My family isn’t a big fan of Christmas-particularly my mother, perhaps because she’s half-Jewish. Our big box of holiday ephemera never makes its way up from the basement before December 21, and we all prefer to listen to jazz and argue (the things we do best) while we decorate our Christmas tree two days before the big one, my mother complaining as my brother elects to hang the ugliest ornaments (his personal favorite is deemed “The Headless Clown”) where all her judging and dysfunctional brothers and sisters can see them best.

If you ask my mother, she’ll tell you that her favorite holiday is Groundhog Day. I’m guessing that’s my father’s too, since he always claims that “Christmas Day should be called ‘contemplating-a-divorce day'” after one too many eggnogs on the rocks.

My mother’s relatives are really big into garage sales, so much so that even mentioning the word “garage” sends them into a frenzy of counting out loose change (known as “hagglin’ money”) and scouring the local papers for hot leads. My mom will happily testify to anyone that both her car and kitchen stove were purchased in a garage. She enjoys the notoriety that comes with being “the woman in the Barbie car,” smiling in response to the flummoxed expressions of strangers sitting next to her at traffic lights and wondering if the tiny, white convertible Geo-Metro beside them was illegally smuggled in from Romania.

Giving gifts that were once owned by strangers (and re-gifting such presents to other relatives) is now customary practice at my house, a fact that sometimes makes me wish that everyone were as reliable as my other set of grandparents, who only give gift certificates and pained expressions when you hug them. My family’s reliance on garage sale presents may explain why I received not only one, but two copies of Women and Songs 3 last year. My aunt Tammy told me that the gift was perfect because “You’re a woman and you like music.” I then professed my love for Patti Smith.

Perhaps the worst Christmas present I’ve ever received has to be the full-length, black 70’s lycra catsuit styled for a stripper in her mid 40’s, given to me by my loving but ultimately clueless grandma Gemma. I was eight. Holding the contraption in my hands and examining the nipple cutouts in close detail, even then I knew it wasn’t age-appropriate.

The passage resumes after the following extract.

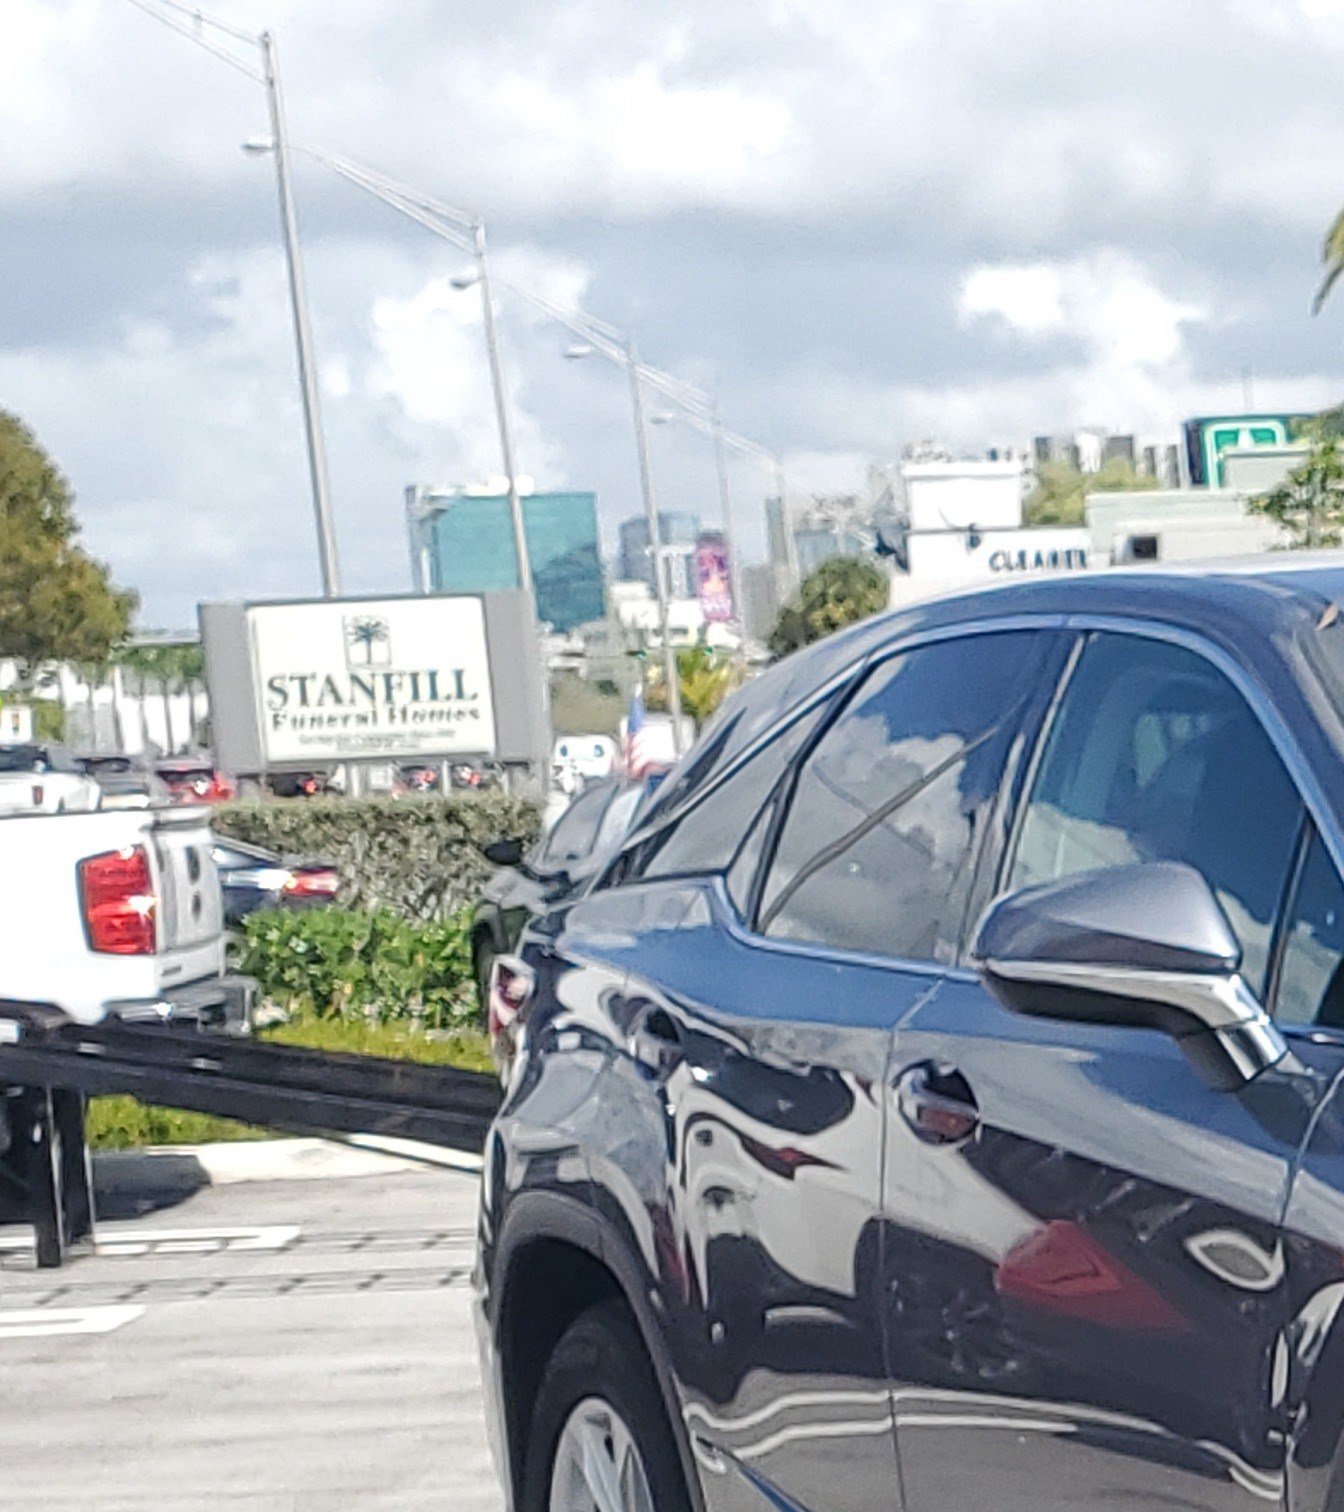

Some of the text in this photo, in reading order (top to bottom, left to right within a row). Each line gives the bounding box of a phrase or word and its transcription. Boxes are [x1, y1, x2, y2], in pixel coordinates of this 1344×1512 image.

[267, 668, 479, 711] STANFILL
[271, 705, 480, 731] Funeral Homes

I had explicitly told Santa that I wanted 13 Dead End Drive, the board game that lets you asphyxiate cardboard cutouts, but I never received it. That was also the year my mother held the most high-status job any eight-year-old could dream of: part-time sales associate with Northern Getaway. Alas, she quit before I could obtain the silk-screened cat sweatshirt of my dreams.

To be perfectly honest, everyone in my immediate family is kind of thankful when It’s A Wonderful Life reruns desist on TBS. It could be because we’re not very good Christians. Or maybe we can’t exist as the stereotypically happy family seen on TV, and this whole act of gift-giving and enforced merry-making only reflects our inability to select presents that would depict us in the way we want to be seen.

All I know is that if I get one more anthology of prototypical chick rock, I’m immediately re-gifting it back to my Aunt Tammy. There are only so many times a person can listen to Paula Cole, and I’ve reached my breaking point.